Better Tools Needed For Nutrition-Disease Studies

COLLEGE STATION - Many of the measurement tools researchers use in studies relating nutrition and disease just don't cut the mustard, says Raymond Carroll, distinguished professor of statistics at Texas A&M University.

Carroll, who serves on both the statistics and nutrition faculties, says the problem in nutritional epidemiology studies is sometimes the links between diet and disease are so subtle (if the links are there at all) that the methods researchers use to measure diet are simply not good enough to provide an accurate picture of a person's dietary habits.

"The big statistical problem," says Carroll, "is how to measure a person's diet because you can't remember precisely what you ate three days ago, much less for the last year or 10 years. Researchers have all these measures, which are supposed to be measures of what people have eaten, but they clearly have problems because it's very hard to recall what you eat."
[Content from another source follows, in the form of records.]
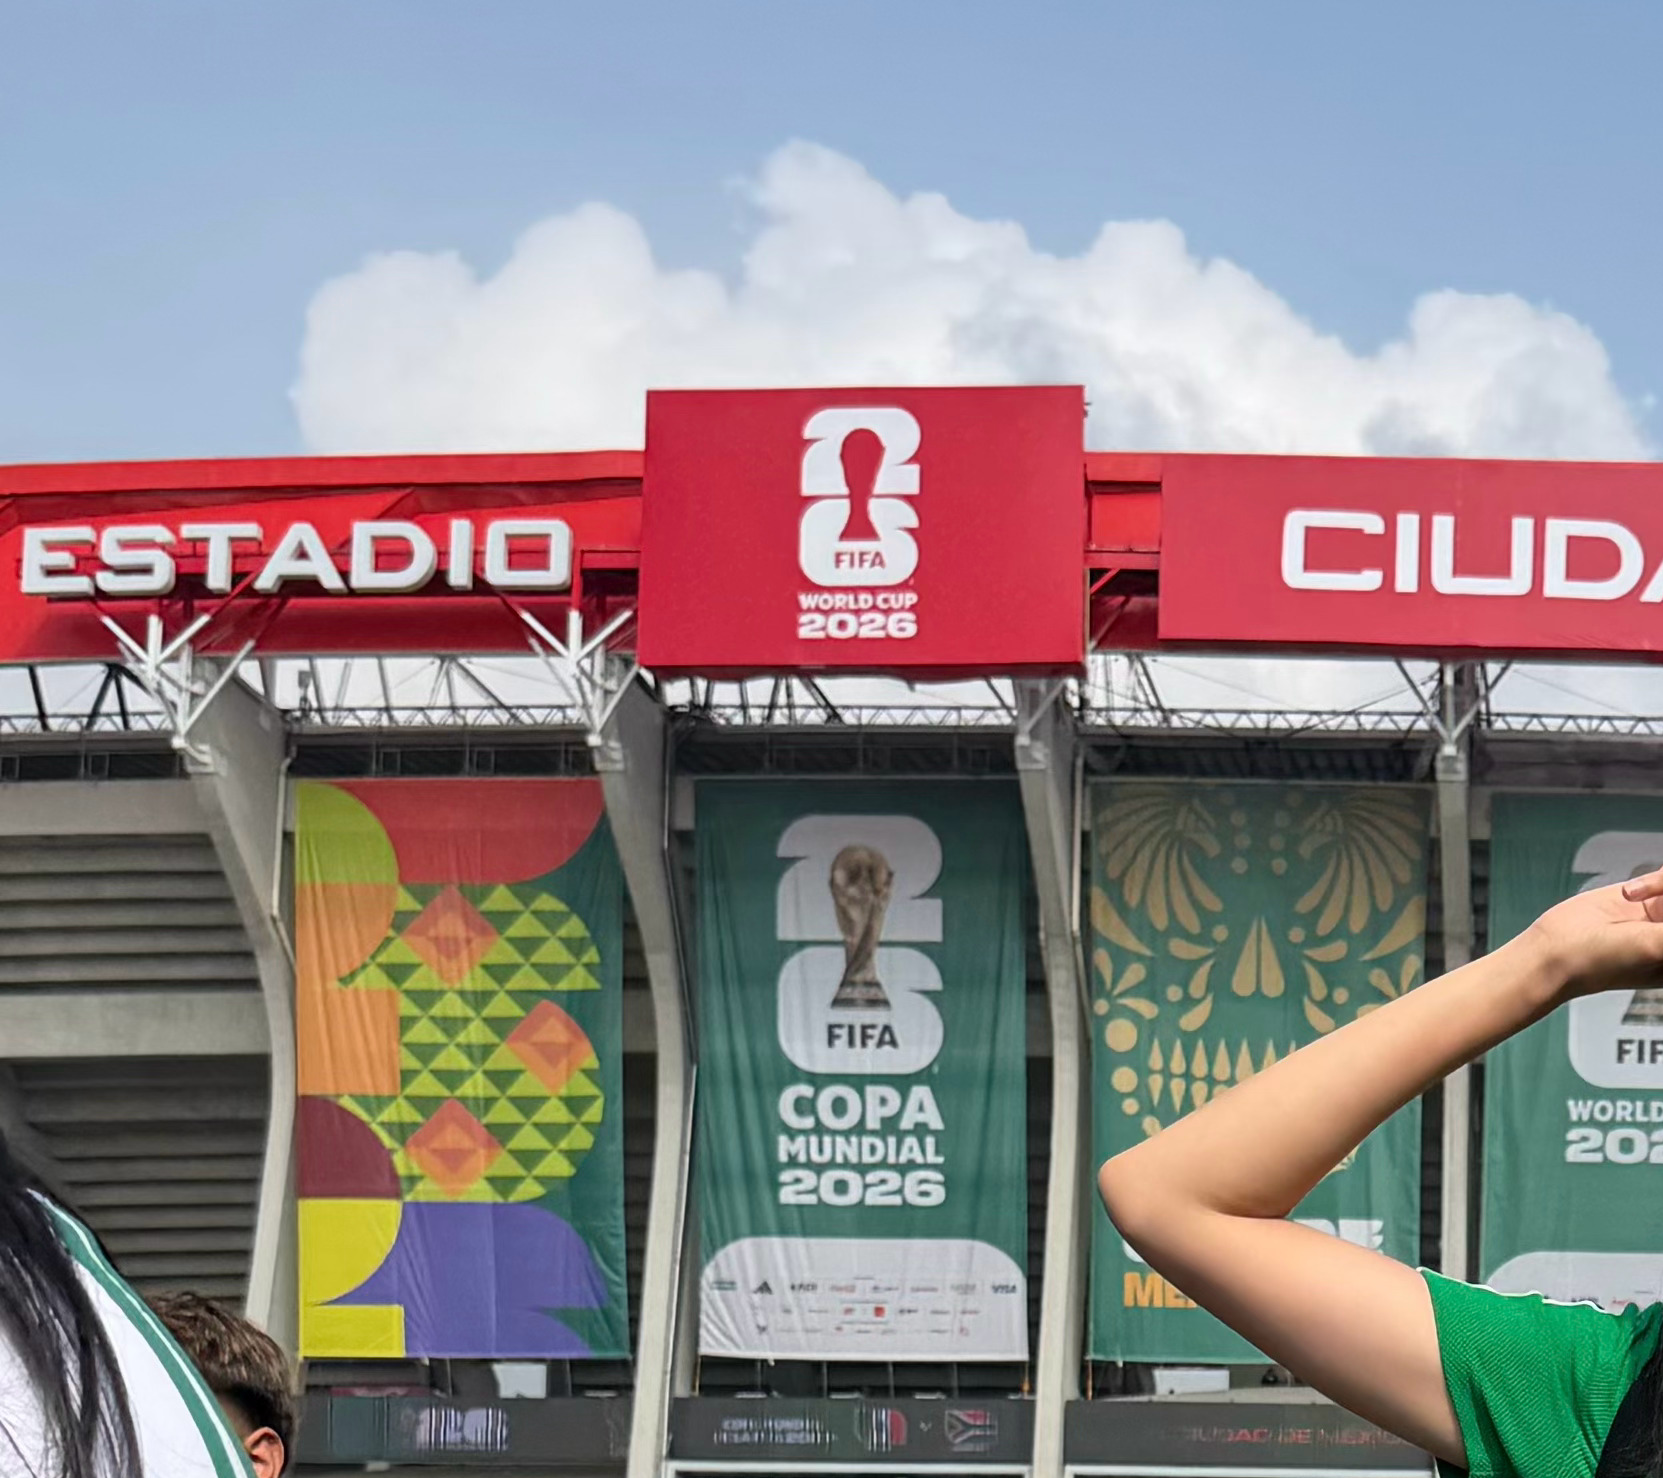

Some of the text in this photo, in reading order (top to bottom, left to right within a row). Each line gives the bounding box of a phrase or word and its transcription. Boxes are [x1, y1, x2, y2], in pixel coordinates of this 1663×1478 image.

[20, 518, 573, 598] ESTADIO
[834, 551, 886, 569] FIFA
[798, 592, 919, 610] WORLD CUP
[798, 612, 918, 639] 2026
[826, 1023, 899, 1050] FIFA
[778, 1083, 945, 1131] COPA
[778, 1135, 944, 1164] MUNDIAL
[778, 1169, 947, 1207] 2026
One of these methods of measuring food intake is the diary in which participants write down everything they eat for a few days, off and on for several months. The problem with these diaries is that after a few days, people often change their dietary habits to make it look better on paper or they lie about what they eat, excluding from their report ice cream, candy bars or other fattening, unhealthy foods.

The most common measurement tool, though, is the food frequency questionnaire in which participants bubble in their answers like they would on a standardized exam. Food frequency questionnaires, so popular because they're cheap and easy to do, ask participants questions like, "How often do you eat pasta at lunch?" and "When you eat pasta, do you eat it with marinara sauce?" The problem with this, says Carroll, is that food frequency questionnaires only establish a person's usual eating habits as they recall them, not exactly what they ate.

Carroll set out to determine whether or not these questionnaires were any good at measuring diet. His research group obtained nutritional (in this case, protein) intake data based on urine measurements. The advantage to using this data is that it's a biologically based measure of nutrient intake not reliant on self-reporting.

"There are no recall problems," says Carroll, "and no problems of people not wanting to report the ice cream or the candy bar. You can't hide them because they show up in your blood or in your urine and we can measure it."

Carroll found food frequency questionnaires were many times less precise than anyone ever thought and developed statistical models to understand the properties of the questionnaires. Of particular interest was determining if some large studies are actually large enough to find a link between, for instance, fat intake and breast cancer.

"You think that 100,000 or 400,000 people is a big study," says Carroll, "but these questionnaires are so bad that that's just not large enough."

Carroll found that many of those studies should be increased by factors of about six before they can detect the subtle relationships between nutrition and disease.

"The big ones, like heart disease and fat intake, are so strong that the questionnaires are fine, but for things that are harder, like cancer, the questionnaires just aren't good enough. There may not be links between diet and breast cancer, but it's almost impossible to tell that with a frequency questionnaire.

"You can't measure things willy-nilly and hope to find anything. The whole point of statistics is to try to measure things better so you can get more definitive answers."